(THE PROBLEM): Please transcribe the data exactly as shown, skipping the images.

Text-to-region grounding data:
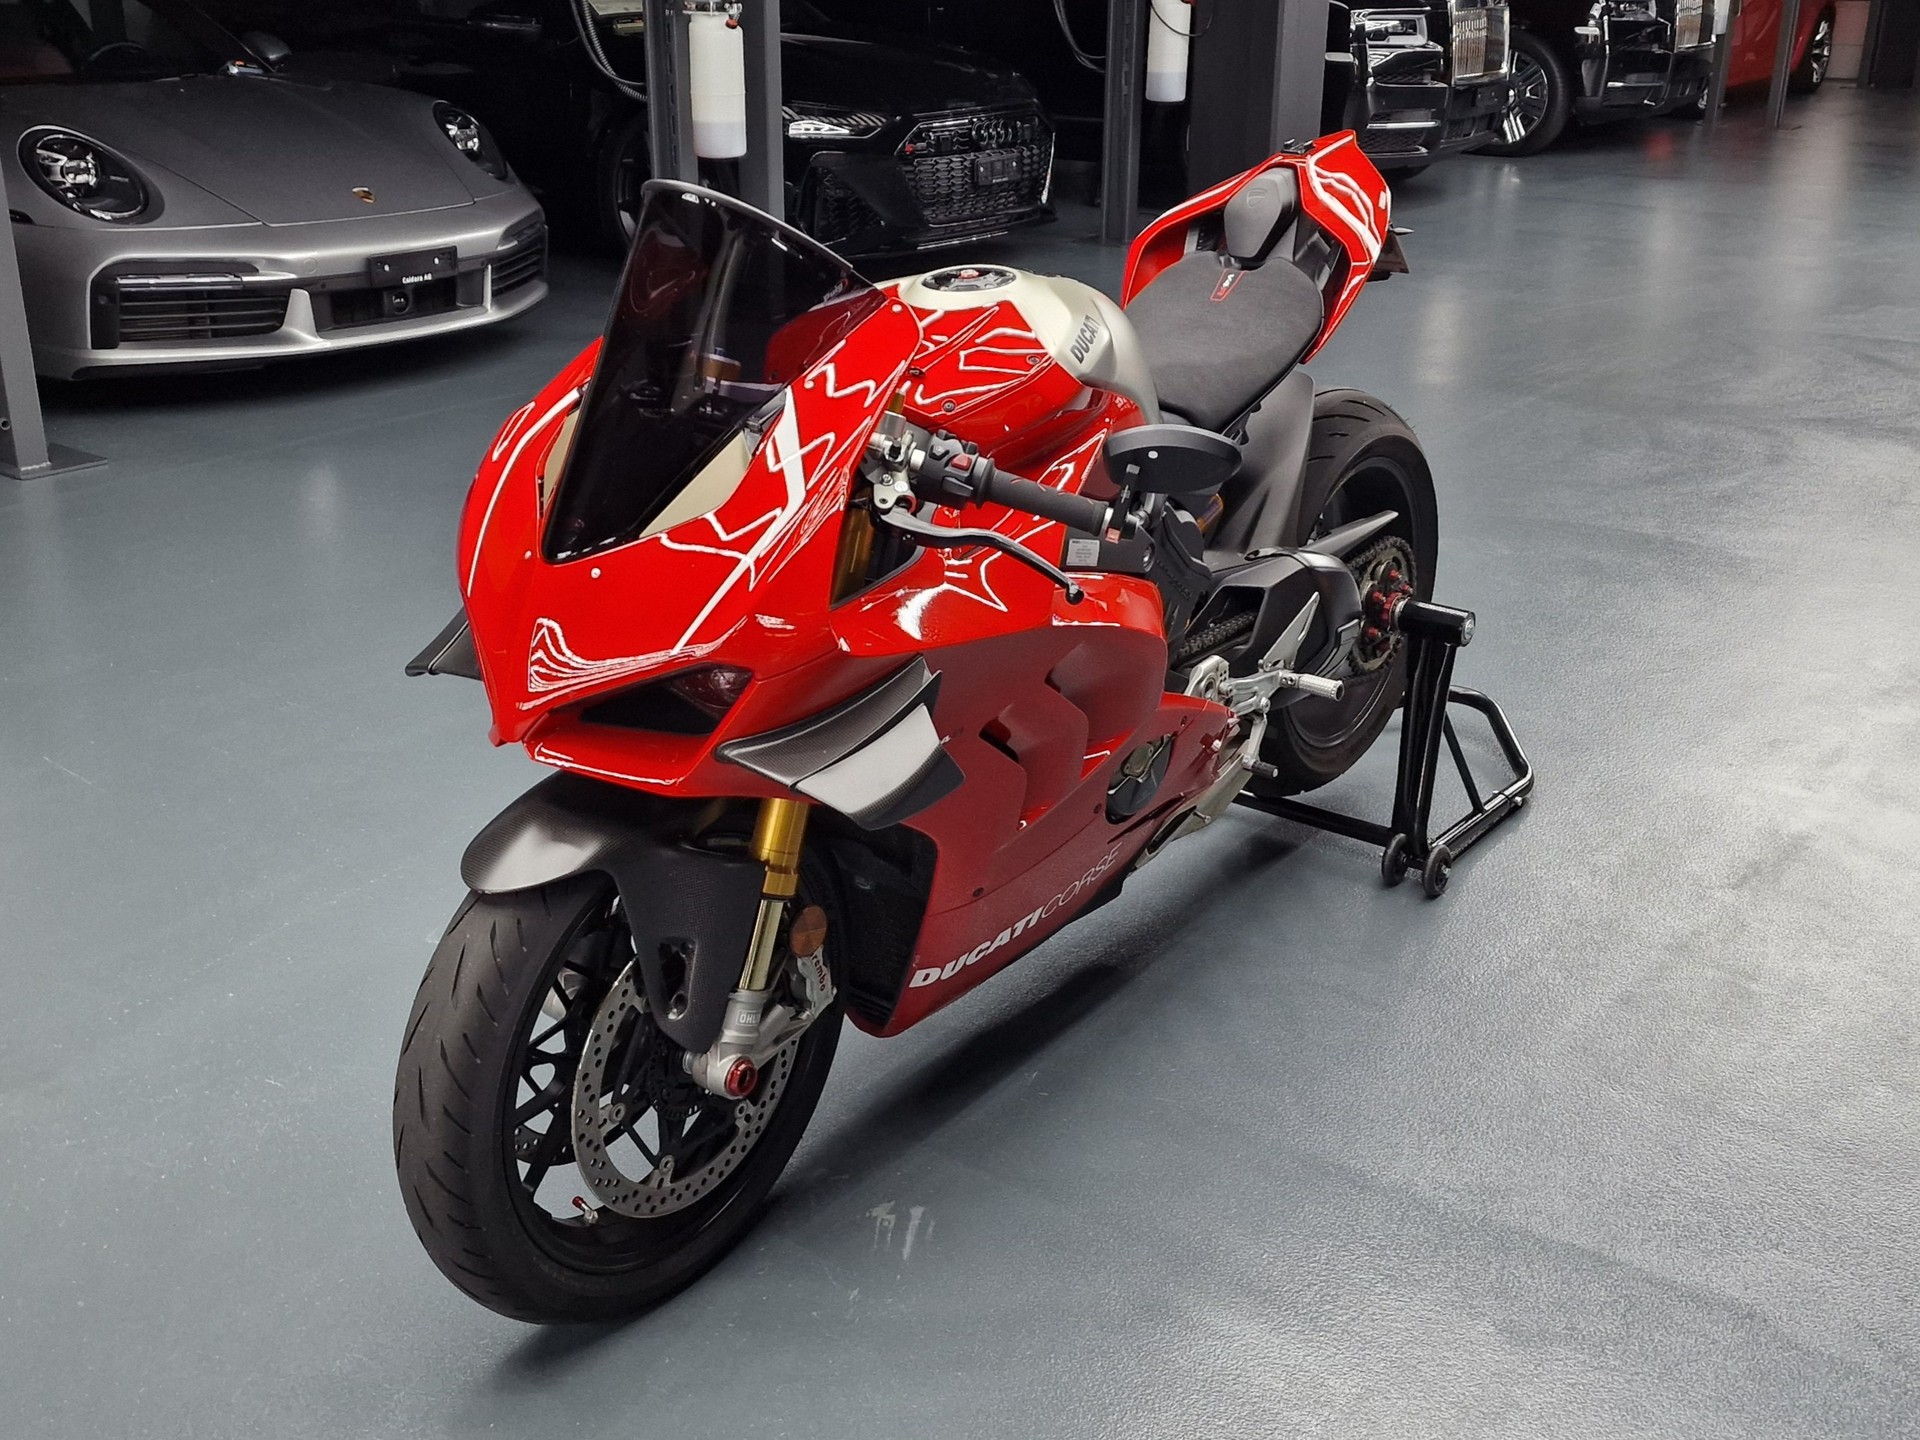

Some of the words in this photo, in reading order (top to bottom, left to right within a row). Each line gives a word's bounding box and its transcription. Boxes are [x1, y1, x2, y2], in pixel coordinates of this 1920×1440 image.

[1070, 314, 1101, 364] DUCATI
[812, 954, 827, 992] rembo
[739, 1010, 760, 1024] ÖHL
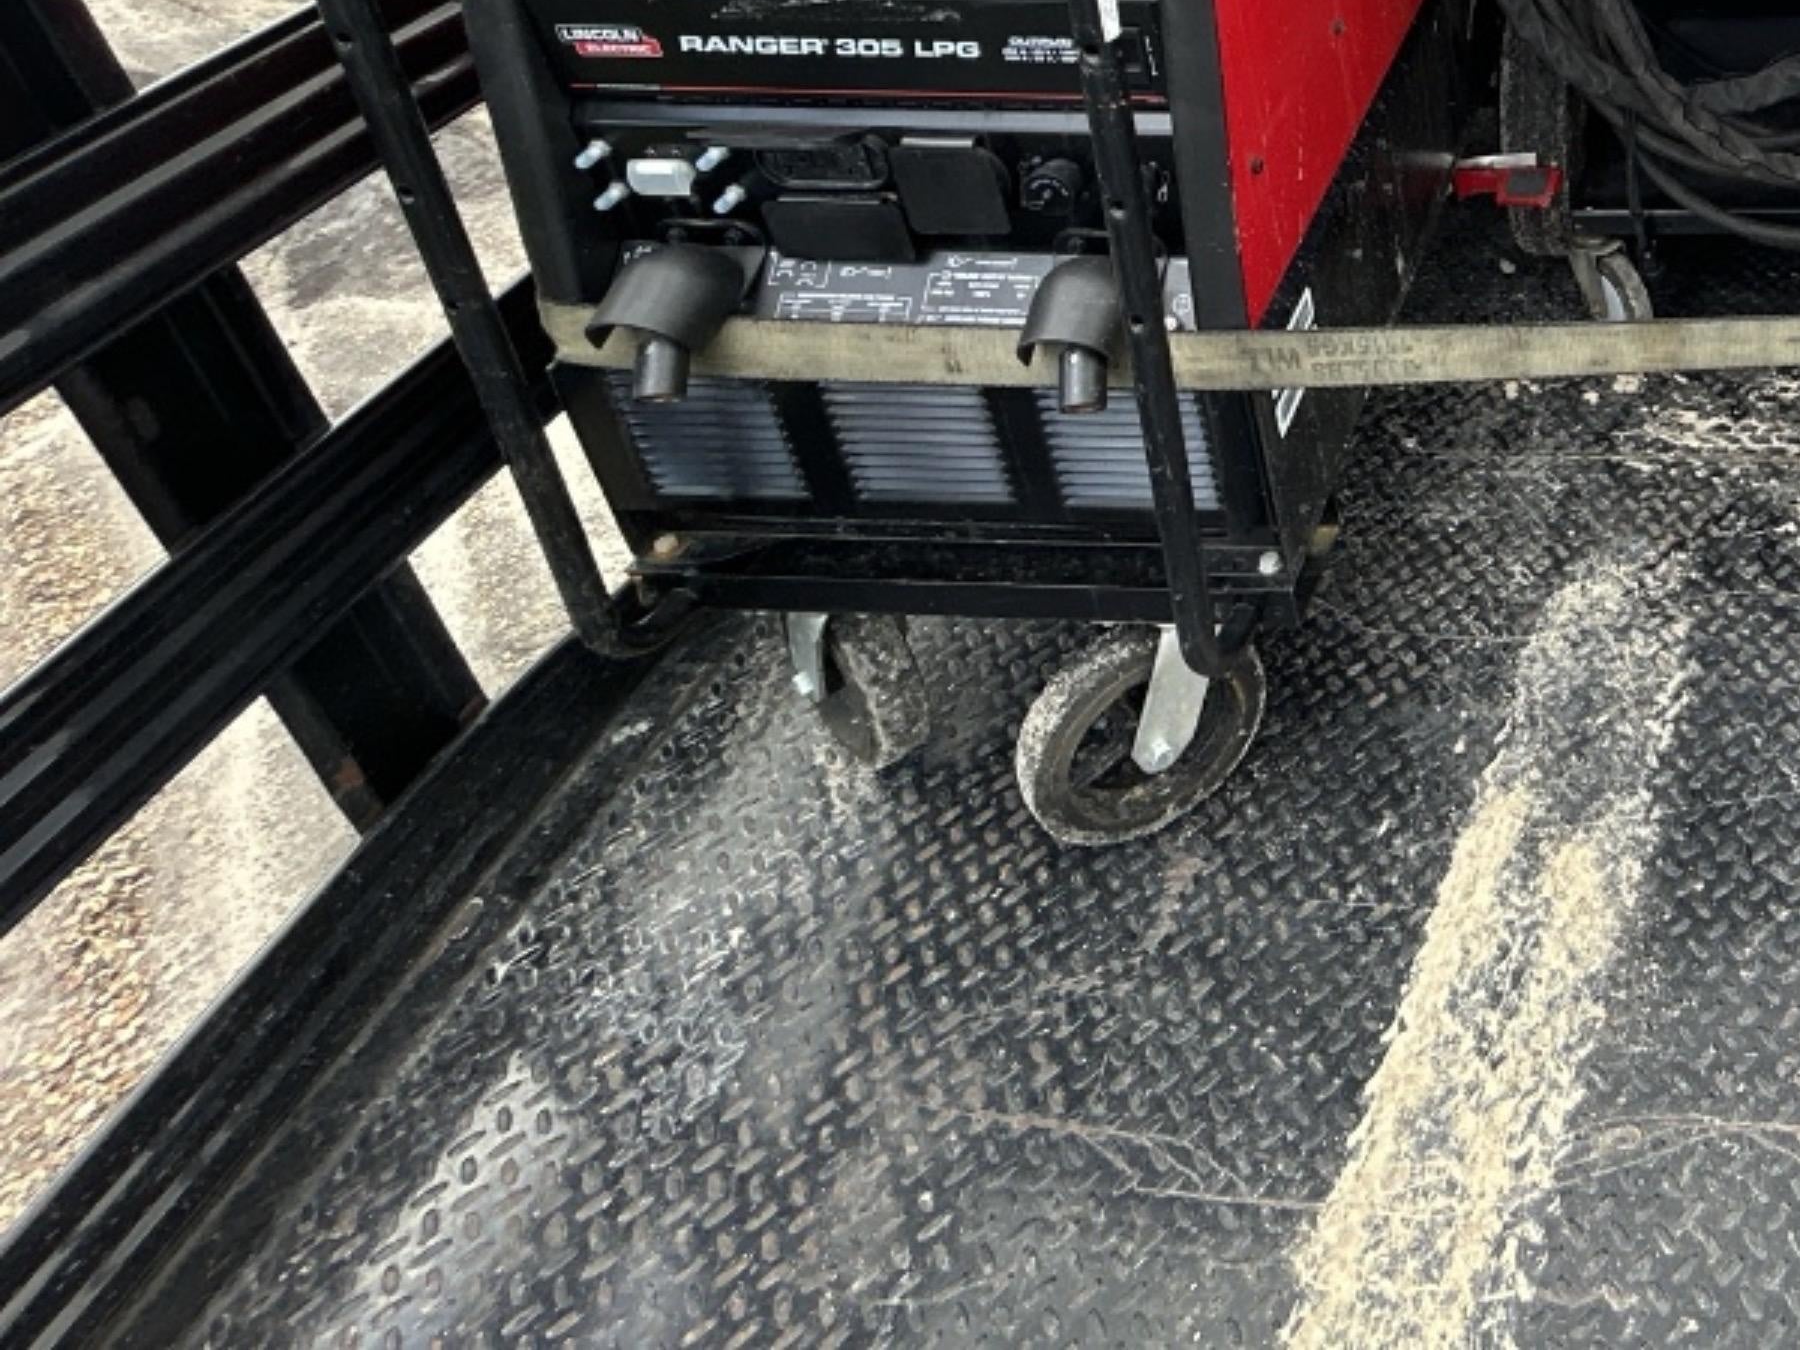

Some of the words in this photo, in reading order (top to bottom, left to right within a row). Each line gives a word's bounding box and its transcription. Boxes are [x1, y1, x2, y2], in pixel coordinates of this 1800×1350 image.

[562, 27, 639, 42] LINCOLN
[679, 34, 823, 56] RANGER
[836, 38, 904, 58] 305
[914, 40, 982, 59] LPG

(TASK ANSWER):
Some of the words in this photo, in reading order (top to bottom, left to right within a row). Each line gives a word's bounding box and its transcription. Boxes are [x1, y1, x2, y2], in pixel coordinates of this 1920×1440 image.

[1070, 314, 1101, 364] DUCATI
[812, 954, 827, 992] rembo
[739, 1010, 760, 1024] ÖHL

Some of the words in this photo, in reading order (top to bottom, left to right within a row). Each line gives a word's bounding box and its transcription. Boxes are [x1, y1, x2, y2], in pixel coordinates of this 1800×1350 image.

[562, 27, 639, 42] LINCOLN
[679, 34, 823, 56] RANGER
[836, 38, 904, 58] 305
[914, 40, 982, 59] LPG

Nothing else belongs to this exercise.